--- Task statement ---
Please set down, word for word, each line from the one containing "Some of the text" through the final line of the records below, both included, and nothing else.

*** Opening of Data for the task ***

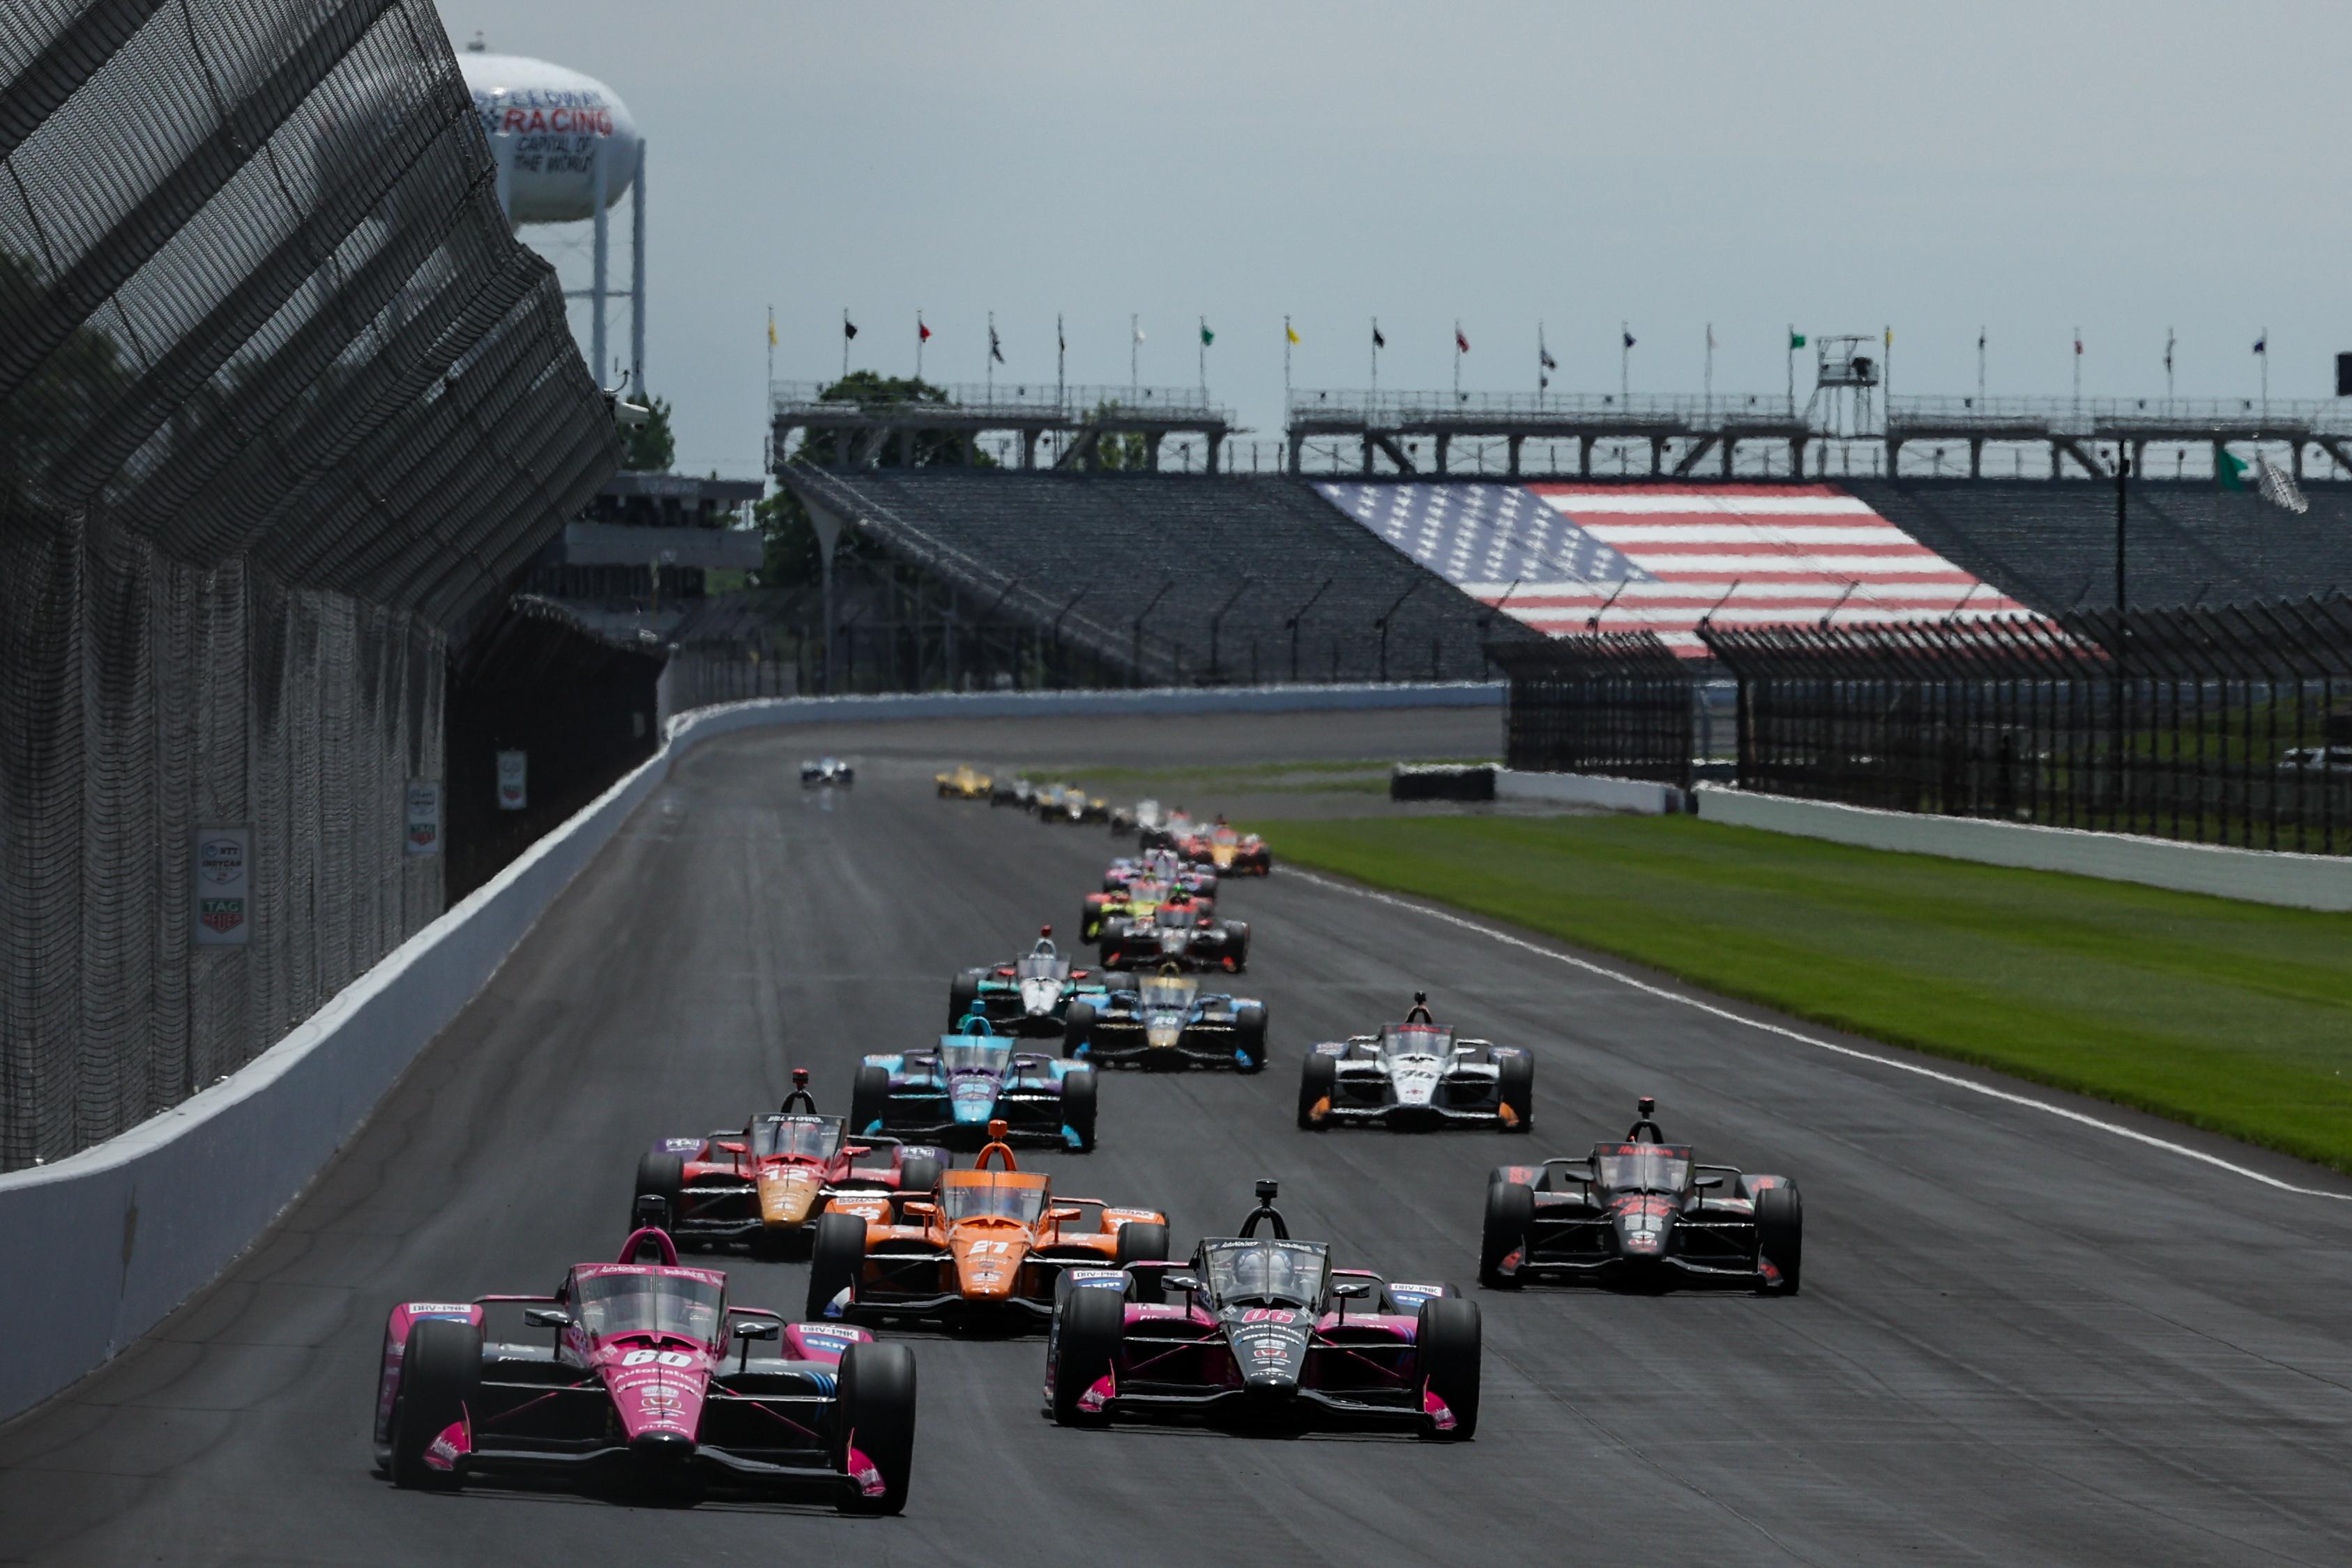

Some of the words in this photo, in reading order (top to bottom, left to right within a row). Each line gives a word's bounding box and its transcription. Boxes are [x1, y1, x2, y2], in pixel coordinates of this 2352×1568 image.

[503, 107, 613, 135] RACING
[517, 136, 570, 152] CAPITAL
[575, 136, 591, 152] OF
[515, 155, 542, 172] THE
[206, 901, 239, 912] TAG
[764, 1170, 809, 1183] 12
[969, 1240, 1010, 1254] 21
[1241, 1308, 1296, 1324] 06
[1232, 1324, 1305, 1341] AutoNation
[621, 1349, 692, 1368] 60
[614, 1368, 702, 1390] AutoNation
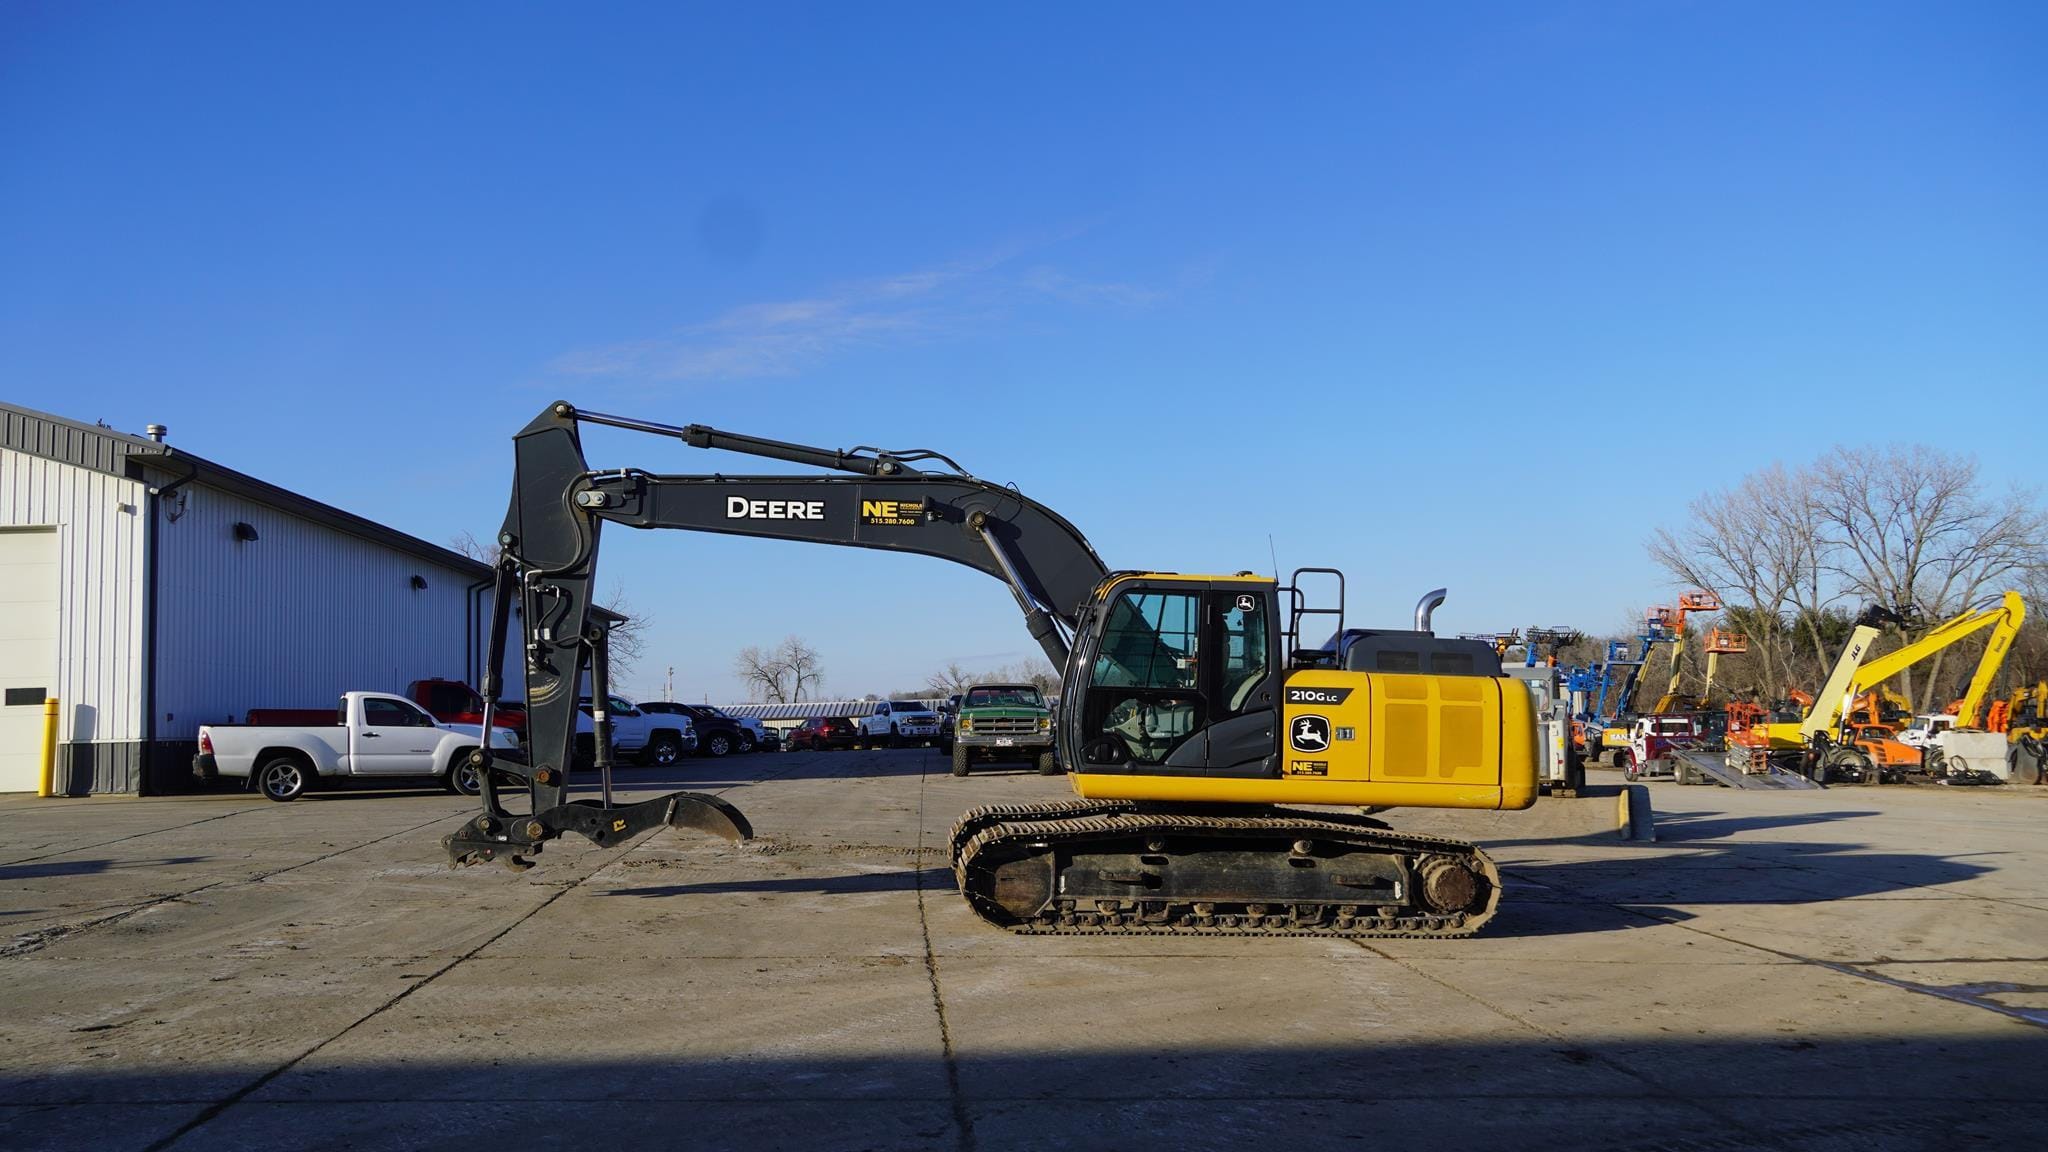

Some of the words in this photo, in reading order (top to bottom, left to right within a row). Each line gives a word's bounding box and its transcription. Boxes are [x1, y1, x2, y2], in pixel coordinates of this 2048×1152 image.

[727, 496, 824, 520] DEERE
[863, 501, 898, 518] NE
[1851, 644, 1861, 661] JLG
[1292, 761, 1313, 771] NE
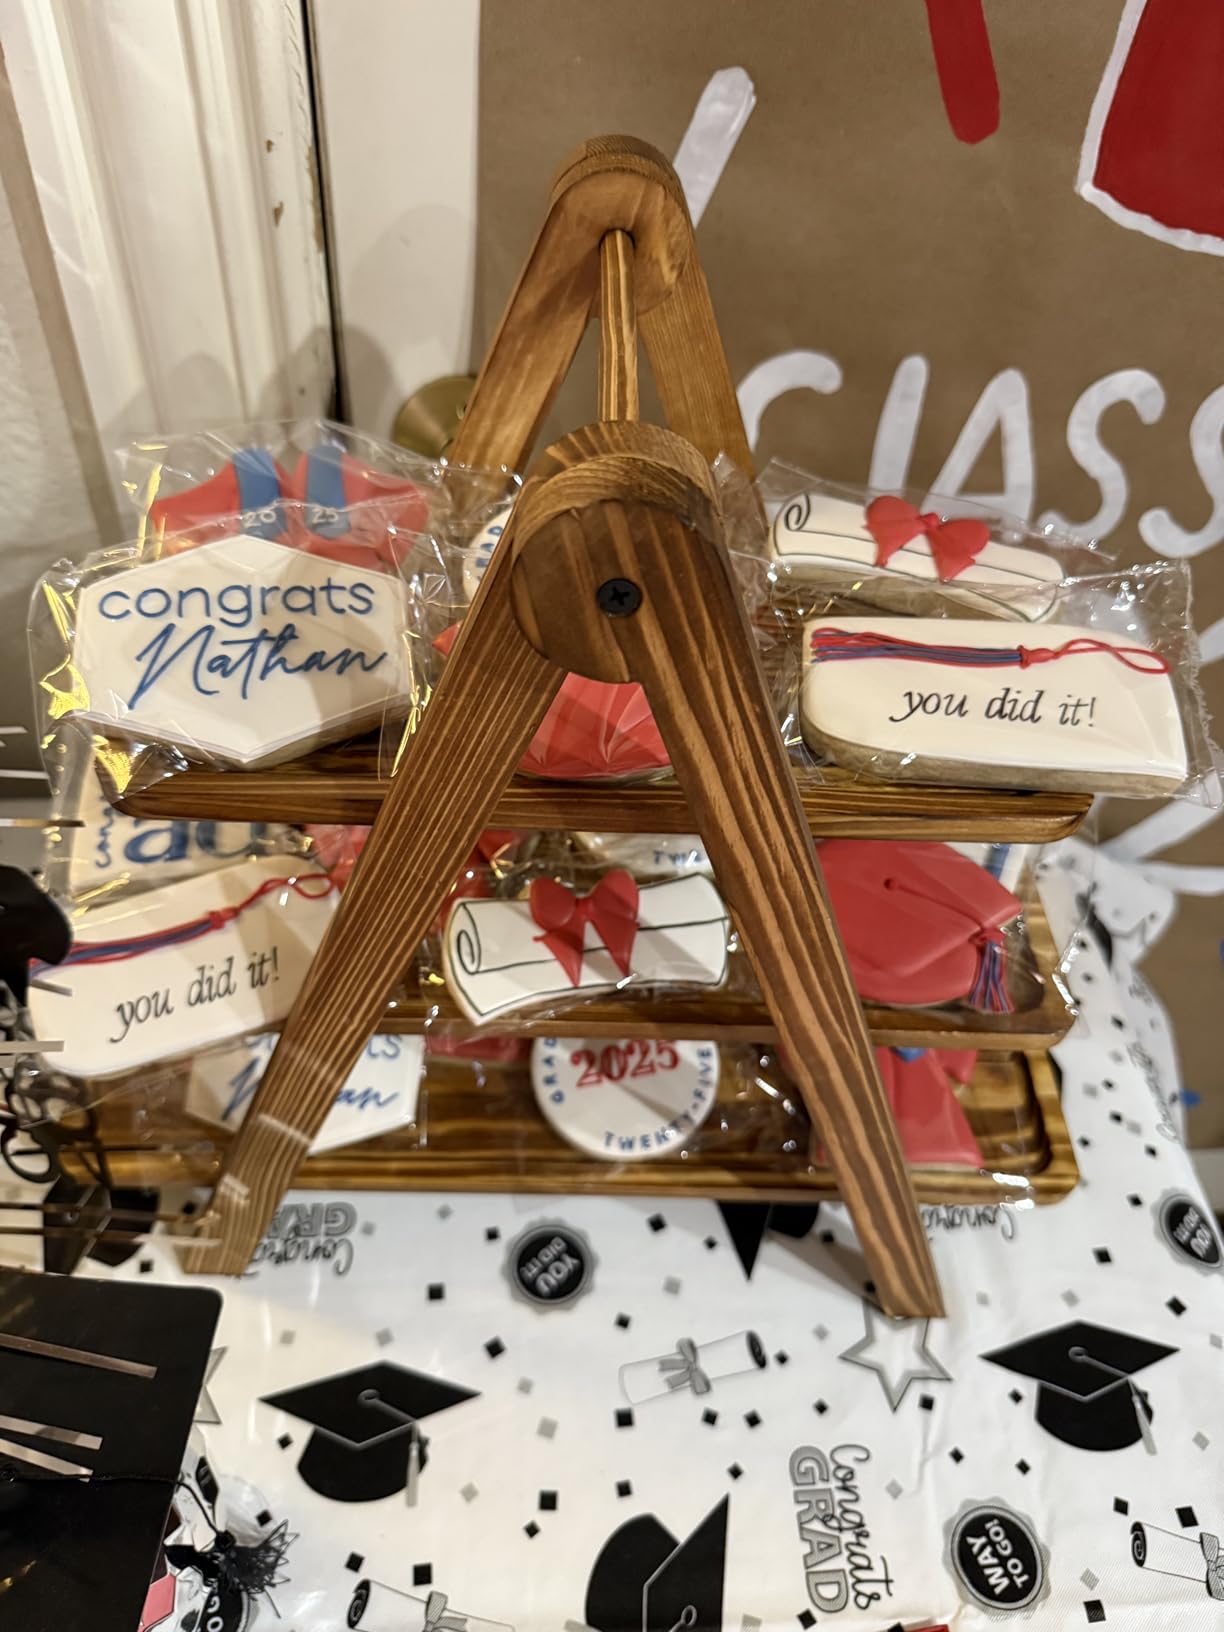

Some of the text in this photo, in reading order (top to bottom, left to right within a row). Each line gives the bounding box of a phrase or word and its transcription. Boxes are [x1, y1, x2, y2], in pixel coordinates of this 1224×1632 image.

[99, 577, 375, 627] congrats
[127, 622, 388, 711] Nathan
[889, 687, 1097, 727] you did it!
[109, 945, 281, 1043] you did it!
[570, 1038, 681, 1089] 2025
[536, 1253, 579, 1294] YOU
[538, 1236, 566, 1262] DID
[789, 1445, 850, 1614] GRAD
[821, 1443, 894, 1611] Congrats
[984, 1518, 1030, 1589] TO GO!
[965, 1535, 1011, 1595] WAY

*** Close of Data for the task ***

--- Answer to this exercise ---
Some of the text in this photo, in reading order (top to bottom, left to right within a row). Each line gives the bounding box of a phrase or word and its transcription. Boxes are [x1, y1, x2, y2], in pixel coordinates of this 1224×1632 image.

[99, 577, 375, 627] congrats
[127, 622, 388, 711] Nathan
[889, 687, 1097, 727] you did it!
[109, 945, 281, 1043] you did it!
[570, 1038, 681, 1089] 2025
[536, 1253, 579, 1294] YOU
[538, 1236, 566, 1262] DID
[789, 1445, 850, 1614] GRAD
[821, 1443, 894, 1611] Congrats
[984, 1518, 1030, 1589] TO GO!
[965, 1535, 1011, 1595] WAY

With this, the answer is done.